Jaha Koo vit depuis quinze ans à Gand (Belgique) et parle ici avec délicatesse et poésie, du déracinement. Sans aucun doute, une des plus belles découvertes de ce festival. Une petite échoppe au toit rouge, au milieu du plateau couvert de voiles, avec un écran pour une vidéo: nous sommes plongés dans la mégapole qu’est Séoul: appartements de luxe, bureaux, petites ruelles commerçantes… pour arriver à cette échoppe où  comme au Japon, les employés de grandes entreprises vont se détendre.

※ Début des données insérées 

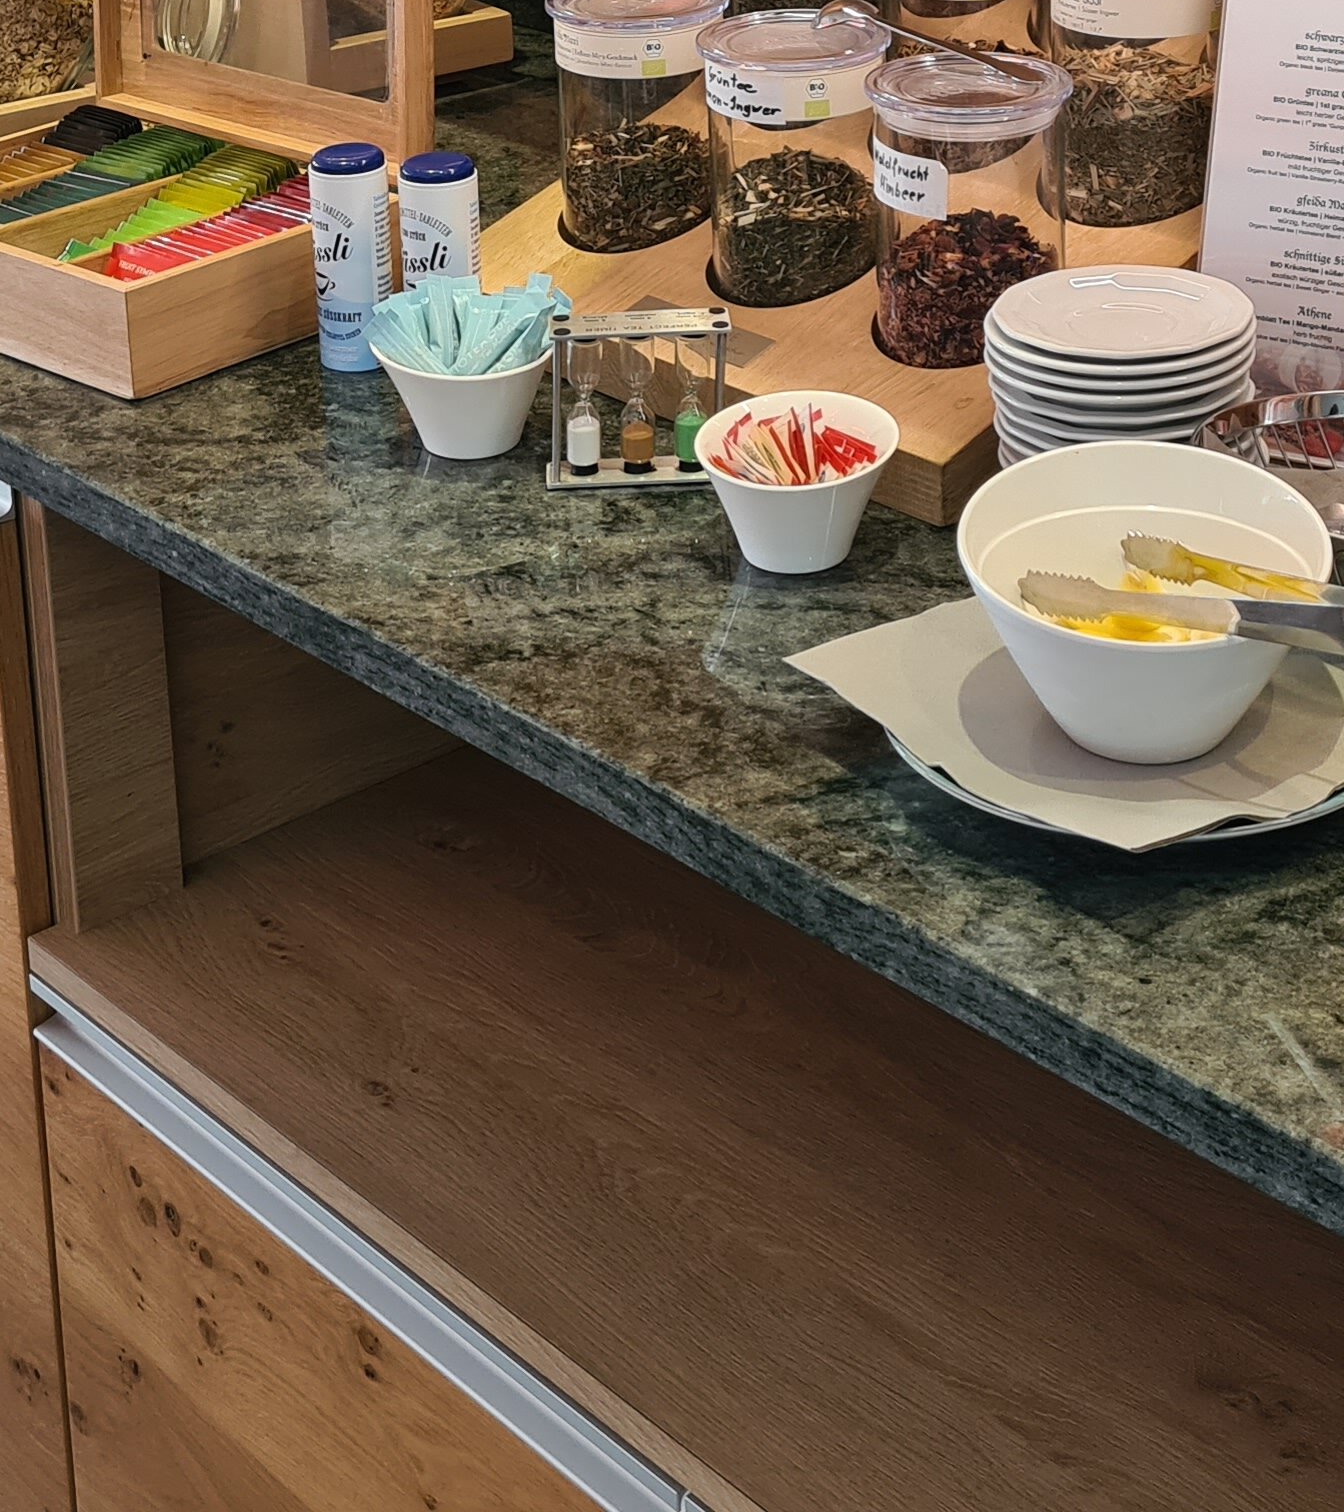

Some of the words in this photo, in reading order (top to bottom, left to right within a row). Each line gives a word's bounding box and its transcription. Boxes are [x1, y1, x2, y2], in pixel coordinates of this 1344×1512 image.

[646, 43, 661, 51] BIO
[1295, 43, 1309, 51] BIO
[809, 83, 825, 91] BIO
[1273, 96, 1287, 104] BIO
[1262, 149, 1276, 157] BIO
[880, 172, 926, 203] Himbeer
[1269, 205, 1283, 213] BIO
[1269, 260, 1284, 269] BIO
[1297, 306, 1332, 320] Athene
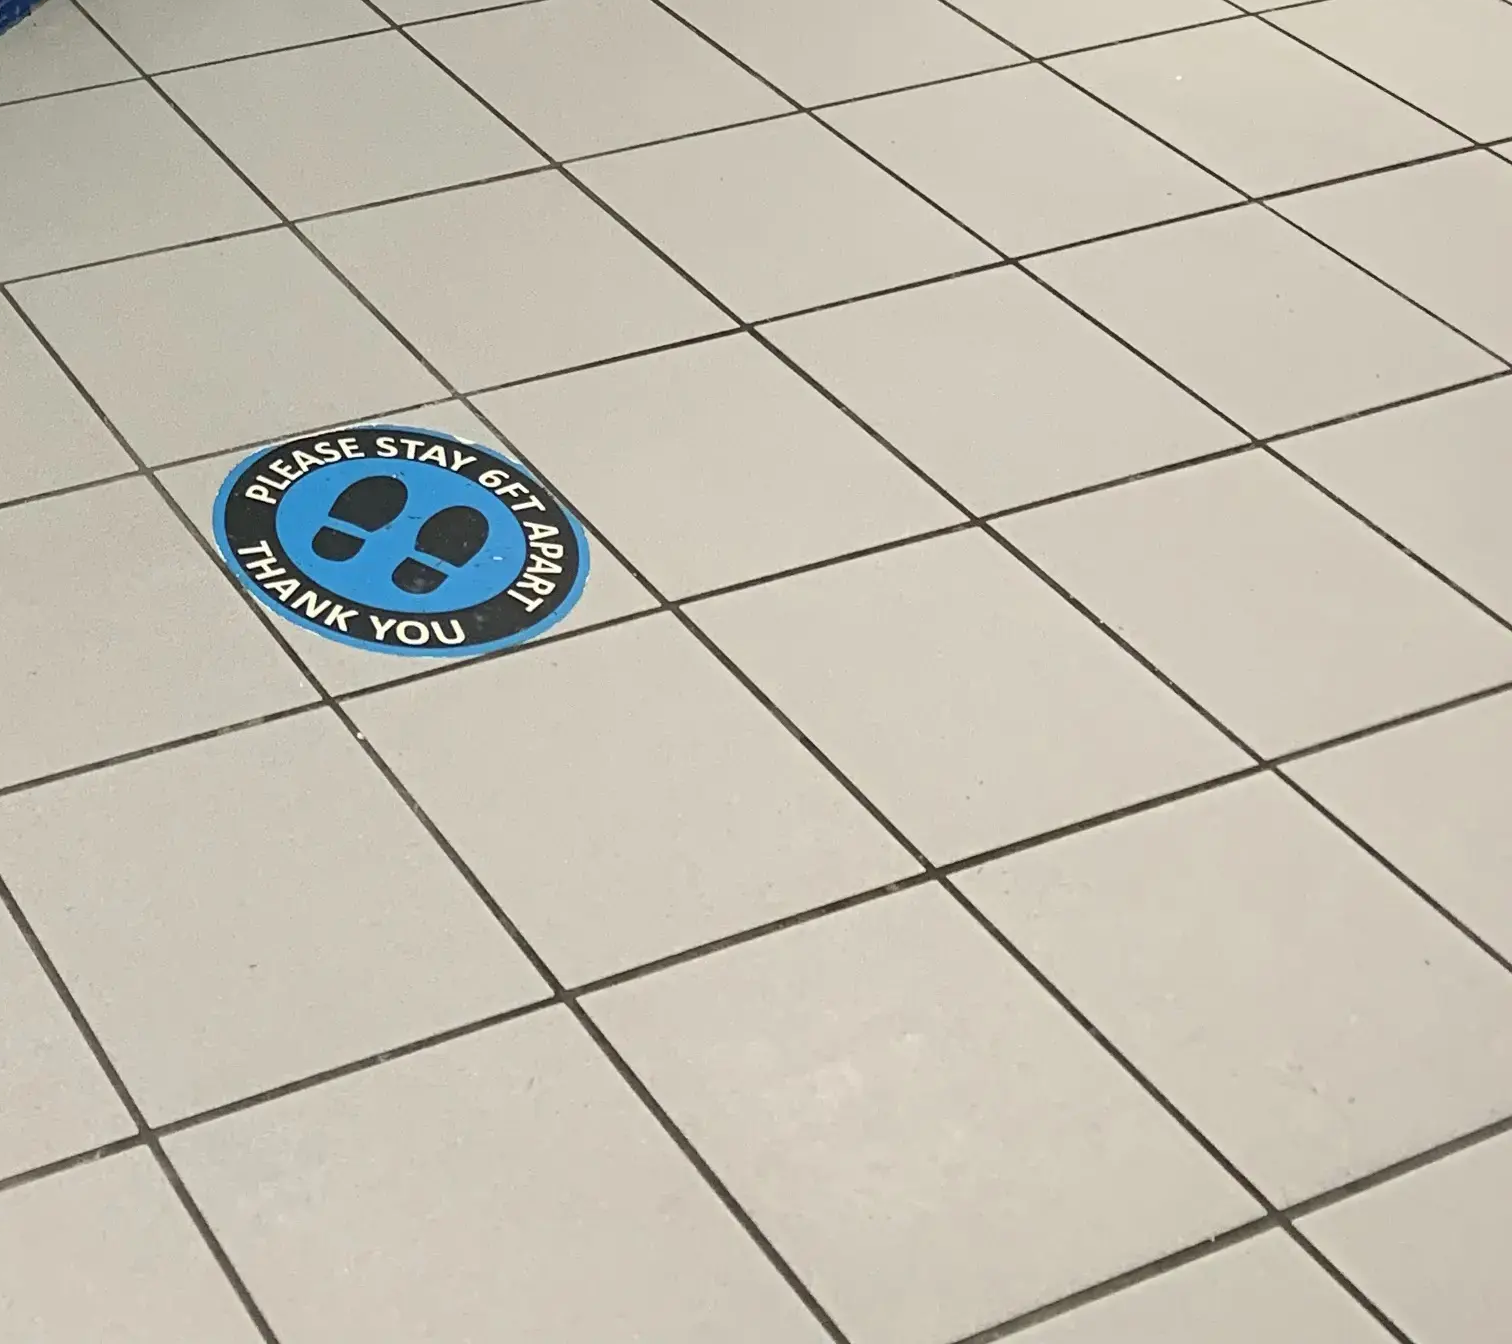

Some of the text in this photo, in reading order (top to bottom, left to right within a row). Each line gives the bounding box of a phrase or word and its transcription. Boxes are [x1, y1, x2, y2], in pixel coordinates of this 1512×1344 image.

[237, 540, 466, 646] THANK YOU
[245, 436, 565, 613] PLEASE STAY 6FT APART

© Christophe Raynaud de Lage

© Christophe Raynaud de Lage

Le créateur d’Haribo Kimchi invite deux spectateurs à déguster une soupe froide aux algues et des galettes de kimchi qu’ il a préparées devant nous et qu’il offrira aussi à tous à la fin du spectacle. Une voix off va raconter le passé de Jaha Koo, soutenue par des vidéos qui nous font vivre son parcours d’exilé.
Il nous parle avec tendresse de sa grand-mère qui lui avait préparé dix kgs de kimchi! avant qu’il s’installe d’abord à Berlin. Cette même voix nous conte le racisme ordinaire auquel il a été confronté à la gare de Bruxelles: le guichetier lui avait dit qu’il sent l’ail!
Jaha Koo évoque ici le déracinement et la solitude dans un texte dit en voix off et des chansons. Il donne ainsi la parole à ses amis de son quotidien: un escargot, un petit ours gélifié Haribo, une anguille télécommandée qui se promène sur le plateau (un animal symbolique en Corée ). Une manière de se sentir moins seul…
Et la chanson finale est pleine d’espoir, « Je suis en transit, je migre… Les routes sont plus importantes que les racines.On peut avoir plusieurs chez soi.» A la sortie de cette pièce d’une heure dix, un spectateur heureux d’avoir vécu un moment hors-cadre et poétique, a eu cette phrase magnifique: « Ce spectacle est un véritable contre-poison aux méga-créations que nous avons subies dans ce festival! »

Jean Couturier

Jusqu’au 15 juillet à 18 h,  Gymnase du lycée Mistral, Avignon (Vaucluse).